EXERCISE AIM:
Could the data below be copied exactly, minus the pictures?

Referring expression grounding data:
[Start of section]
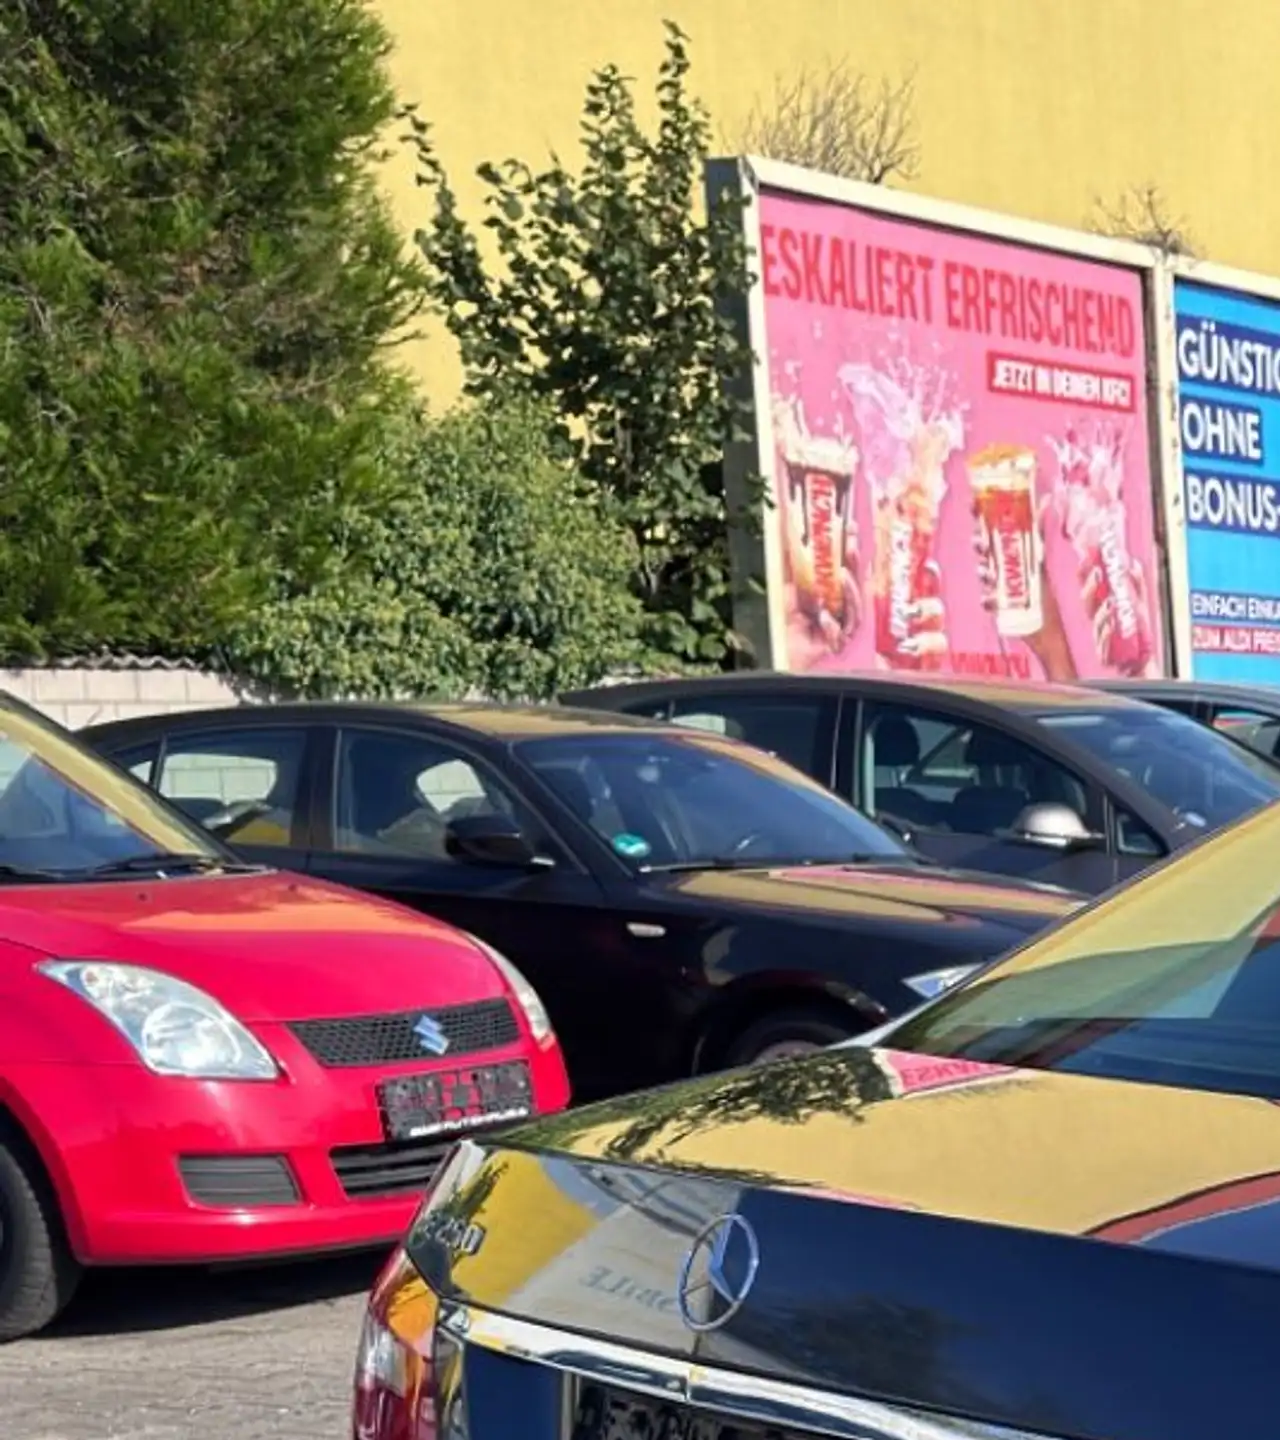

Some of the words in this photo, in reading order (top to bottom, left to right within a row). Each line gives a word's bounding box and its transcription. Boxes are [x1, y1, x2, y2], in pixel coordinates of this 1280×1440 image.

[761, 224, 933, 324] ESKALIERT
[944, 260, 1134, 358] ERFRISCHEND
[1182, 402, 1262, 460] OHNE
[1192, 593, 1246, 618] EINFACH
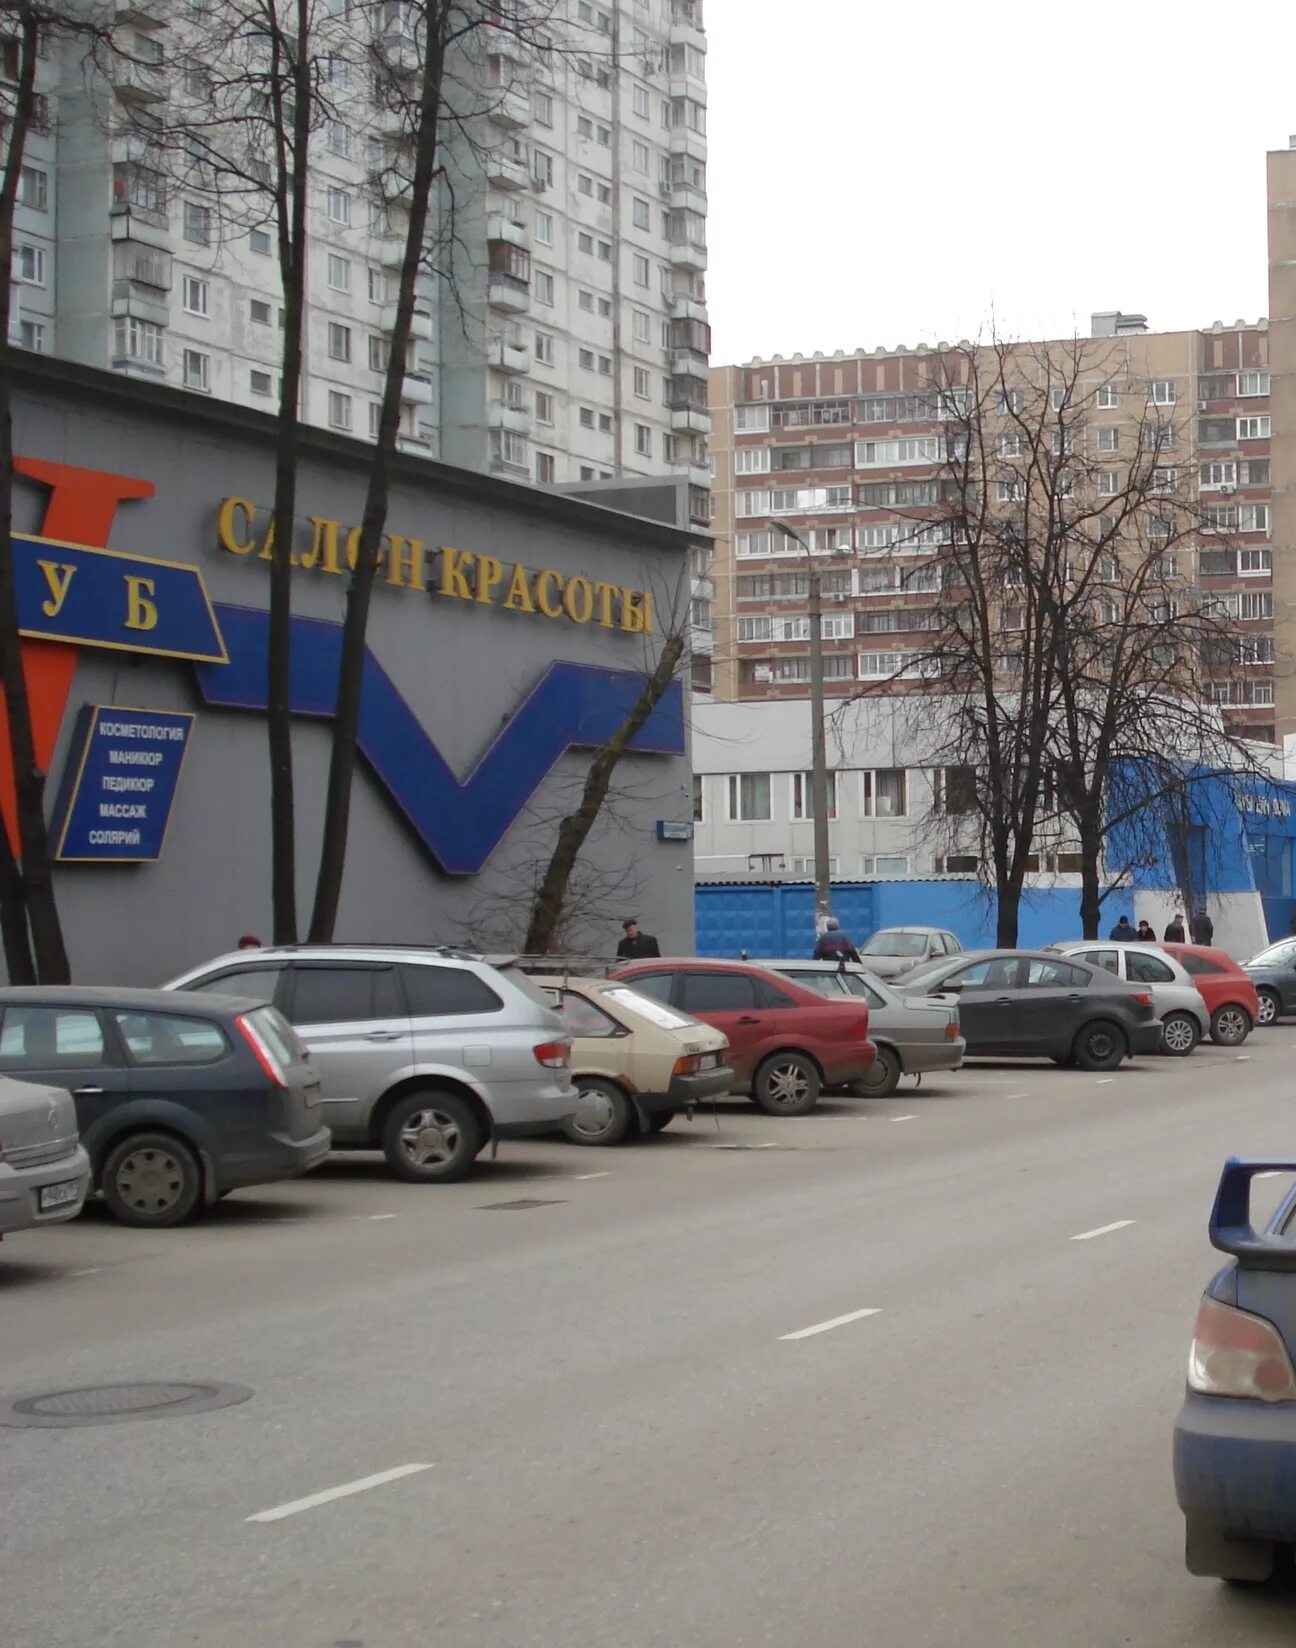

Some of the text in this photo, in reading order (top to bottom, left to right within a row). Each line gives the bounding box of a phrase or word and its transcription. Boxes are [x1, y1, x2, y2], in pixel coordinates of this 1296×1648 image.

[437, 546, 655, 634] КРАСОТЫ
[100, 722, 184, 741] КОСМЕТОЛОГИЯ
[109, 750, 163, 766] МАНИКЮР
[102, 776, 154, 793] ПЕДИКЮР
[99, 803, 147, 819] МАССАЖ
[89, 829, 141, 845] СОЛЯРИЙ
[End of section]
EXERCISE RESULT:
Some of the words in this photo, in reading order (top to bottom, left to right within a row). Each line gives a word's bounding box and its transcription. Boxes are [x1, y1, x2, y2], in pixel coordinates of this 1280×1440 image.

[761, 224, 933, 324] ESKALIERT
[944, 260, 1134, 358] ERFRISCHEND
[1182, 402, 1262, 460] OHNE
[1192, 593, 1246, 618] EINFACH

Some of the text in this photo, in reading order (top to bottom, left to right within a row). Each line gives the bounding box of a phrase or word and its transcription. Boxes are [x1, y1, x2, y2], in pixel coordinates of this 1296×1648 image.

[437, 546, 655, 634] КРАСОТЫ
[100, 722, 184, 741] КОСМЕТОЛОГИЯ
[109, 750, 163, 766] МАНИКЮР
[102, 776, 154, 793] ПЕДИКЮР
[99, 803, 147, 819] МАССАЖ
[89, 829, 141, 845] СОЛЯРИЙ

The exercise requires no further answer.